The CTA also authorizes a five percent county and a five percent municipal cannabis tax, subject to approval by the electorate and a deduction of up to three percent by TRD to cover the administrative costs of collection. The balance may be used by the local public body for its general governmental purposes.
The amendments to LECCA and provisions in CRFA more generally substitute the control board for DOH as the rule-maker and overseer of the medical cannabis program generally, although DOH continues to perform identification and licensing functions. They also impose licensing fee amounts on producers consistent with those imposed in the recreational use program. SB 278 also amends other existing state law, including the Controlled Substances Act, to exempt conduct authorized by the CRFA from their provisions. It also reduces some criminal penalties relating to possessing, possessing with intent to distribute, distributing, and trafficking
As New Mexico works to define a model for cannabis legalization that protects and improves the state’s medical cannabis program and puts patients first as well, lawmakers have a lot of history to contend with. New Mexico’s medical cannabis history started in 1978 (After public hearings the legislature enacted H.B. 329, the nation’s first law recognizing the medical value of cannabis). In an Albuquerque Journal poll conducted in October 2016, 61 percent of likely voters said they would support a measure to legalize recreational cannabis for adults age 21 and older.

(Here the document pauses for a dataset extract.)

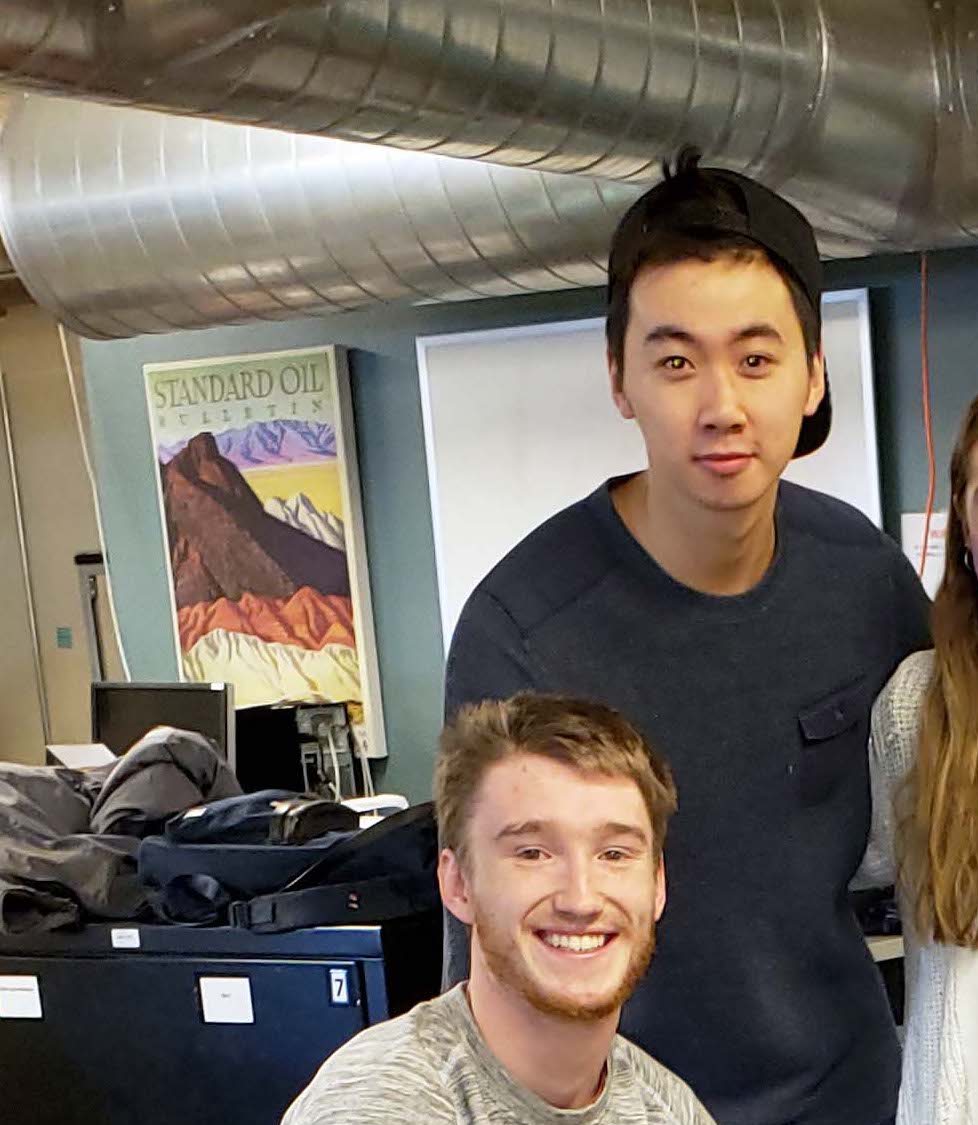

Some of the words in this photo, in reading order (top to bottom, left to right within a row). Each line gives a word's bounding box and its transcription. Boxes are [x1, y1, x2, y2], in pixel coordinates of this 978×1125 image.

It’s really important for all people within the cannabis community to know they are the power; the government, legislators & policy makers are lead to us and We have the power to change the laws and government - people in it, policy being written, and overturning rules & regulations that disrupt safe access to our medicine. Not one state’s medical cannabis law is perfect, they are working pieces of democracy and this is where WE can establish patient lead policy in New Mexico and other states. We have the science, the research, the knowledge - the information the policy makers need to have and we need to get it in front of legislators.